Abbas mengantar Wafa ke tempat wudu untuk perempuan, karena ia benar-benar cemas memikirkan Wafa yang sering merasa pusing akhir-akhir ini. Ya, kehamilan muda Wafa, benar-benar membuat Abbas sering khawatir kalau-kalau Wafa jatuh. Kehamilan itu pula yang membuatnya sering berhitung ulang soal rencana kepulangannya.

***

Saddam Hussein jatuh pada akhir kuartal pertama tahun lalu. Paul Bremer, penguasa sementara pemerintah koalisi itu berkuasa untuk rekonstruksi Irak, tapi rakyat malah semakin hidup sengsara saja. Seiring itu pula bom bunuh diri selalu bisa terjadi kapan saja, di mana saja dan mengenai siapa saja. Dengan kecut Abbas pernah berkata pada Wafa, bahwa bom bunuh diri itu tak ubahnya mirip iklan minuman ringan buatan orang Amerika, yang pada awalnya justru menjadi target utama bom itu sendiri.

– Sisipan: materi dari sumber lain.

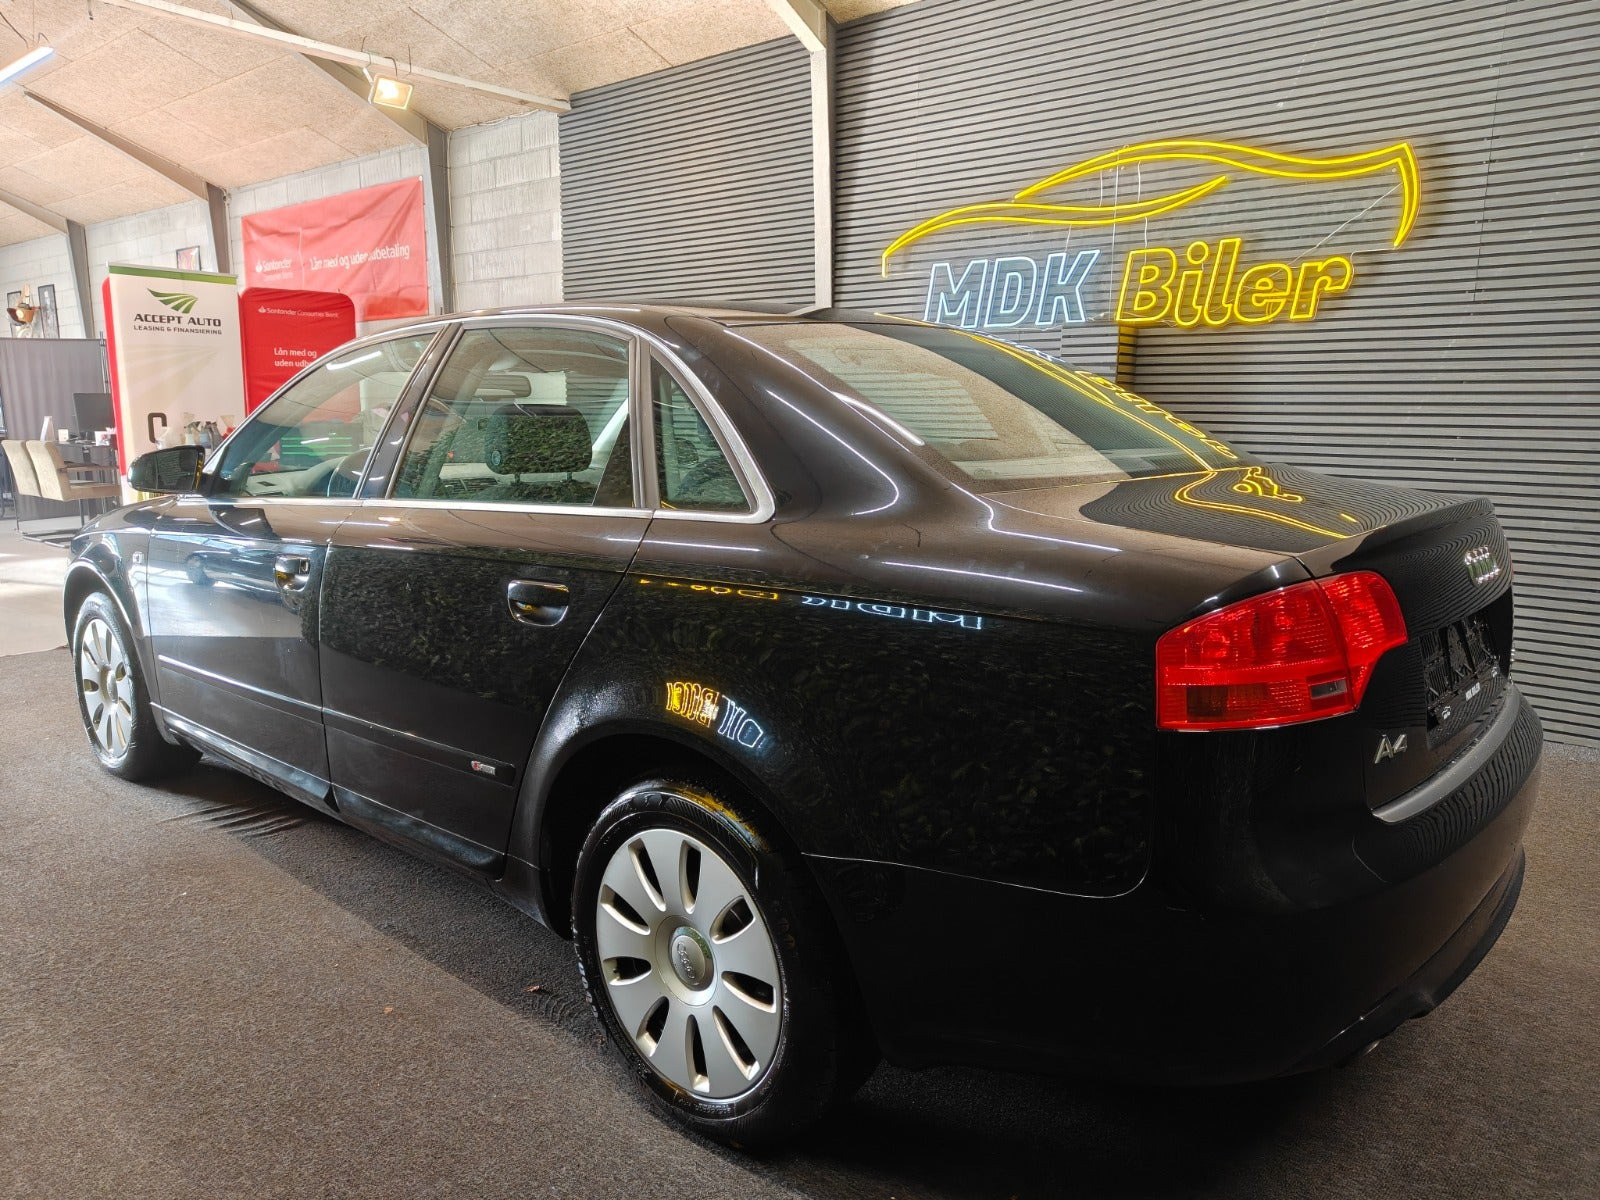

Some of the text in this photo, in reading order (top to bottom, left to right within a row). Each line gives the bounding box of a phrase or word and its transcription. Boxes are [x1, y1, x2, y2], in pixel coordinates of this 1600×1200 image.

[339, 255, 350, 269] og
[923, 237, 1354, 328] MDK Biler
[266, 307, 296, 316] Santander
[134, 313, 222, 327] ACCEPT AUTO
[133, 324, 165, 332] LEASING
[173, 327, 222, 335] FINANSIERING
[274, 347, 317, 358] Lån med og
[274, 359, 294, 367] uden
[1374, 733, 1408, 765] A4

Sejak menikah, Abbas memang tinggal dengan keluarga besar al Dijaili. Mereka semua sayang padanya, meskipun Abbas hanya seorang manusia Asia. Nama Indonesia sejak lama sangat dekat di hati warga Irak memang. Awalnya Abbas menduga, karena alasan itulah mengapa dirinya bisa diterima dengan mudah di tengah keluarga itu. Tapi ternyata sebenarnya tidak demikian rupanya.

Semuanya berawal dari sebuah pesta, ya saat pesta keluarga dulu, Abbas diundang oleh Majeed, yang merupakan abang Wafa. Di tengah pesta, Abbas didorongnya ke tengah acara. Dia berteriak, katanya orang Indonesia ini bisa menyanyi lagunya Kazem Saher. Abbas ingat benar itu, dan saat itu mendadak suasana menjadi sunyi, karena semua terdiam.

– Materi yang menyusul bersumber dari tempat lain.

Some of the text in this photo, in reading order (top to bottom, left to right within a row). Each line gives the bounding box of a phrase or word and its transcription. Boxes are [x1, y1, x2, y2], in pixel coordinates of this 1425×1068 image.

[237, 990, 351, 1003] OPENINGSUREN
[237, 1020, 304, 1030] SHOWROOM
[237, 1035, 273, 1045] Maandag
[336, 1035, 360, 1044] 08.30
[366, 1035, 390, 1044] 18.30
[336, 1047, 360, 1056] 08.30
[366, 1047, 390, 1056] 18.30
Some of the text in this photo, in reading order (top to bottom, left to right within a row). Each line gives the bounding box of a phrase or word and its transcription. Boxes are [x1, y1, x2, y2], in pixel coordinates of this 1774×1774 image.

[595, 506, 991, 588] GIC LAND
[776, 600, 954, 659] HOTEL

Abu Majeed, ayah Wafa, menatap Abbas lekat. Kagum. Sementara Abbas sendiri merasakan demam mendadak yang menjangkiti sekujur tubuhnya.

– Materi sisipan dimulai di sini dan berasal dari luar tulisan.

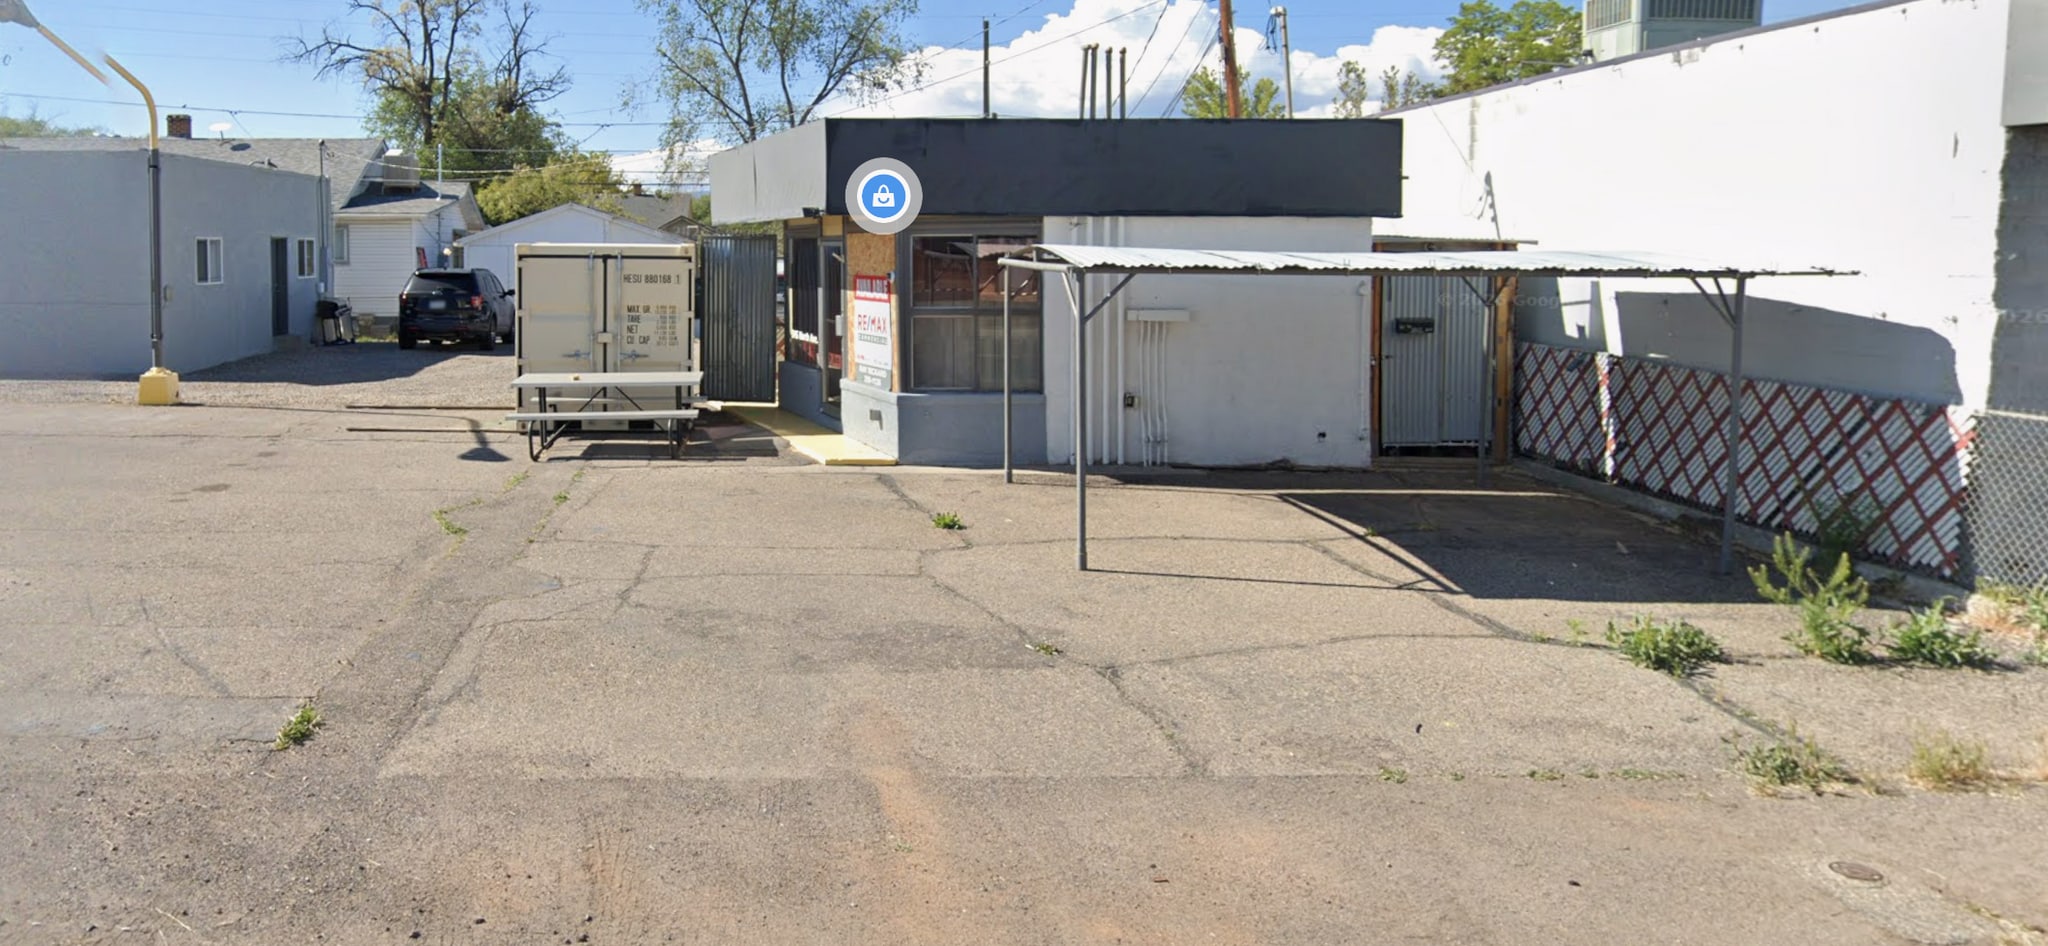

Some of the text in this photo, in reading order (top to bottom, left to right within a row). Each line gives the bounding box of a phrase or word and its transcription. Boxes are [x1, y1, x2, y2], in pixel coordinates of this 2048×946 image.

[856, 278, 889, 299] AVAILABLE
[627, 324, 638, 334] NET
[857, 314, 887, 334] RE/MAX

“Lagu apa yang kamu bisa, Nak?” laki-laki bijak itu bertanya lembut pada Abbas.
Abbas seakan terpengaruh aura yang teduh dari laki-laki bijak itu, dan menjadi memiliki kepercayaan diri.

”Walidi Thoyib!”

Abu Majeed tersenyum. Lalu dengan tenang dibawanya Oud, disetemnya perlahan, untuk kemudian dipetiknya nada tengah dengan pick dan ia mulai dengan intro lagu. Suara Abbas pun masuk tanpa ragu, pada dentingan nada rendah dawai oud yang keempat.

Segala hormat dan kebaikan
Bagimu oh Ayahku…
Allah panjangkan usiamu
Dalam suka dan cinta...

Dan perlahan di mata Abbas berkelebat wajah Ayah yang jauh di tanah air sana, bayang-bayang itu bergantian cepat dengan wajah Abu Majeed.

Tarikan nada adzan dalam perpindahan ke larik kedua, membuat mata Abbas berbenturan dengan mata Abu Majeed. Laki-laki itu tersenyum, mengangguk. Abbas mengakhiri lagu dengan kelegaan dalam segukan. Dan kehangatan pelukan Abu Majeed kemudian sangat membahagiakannya.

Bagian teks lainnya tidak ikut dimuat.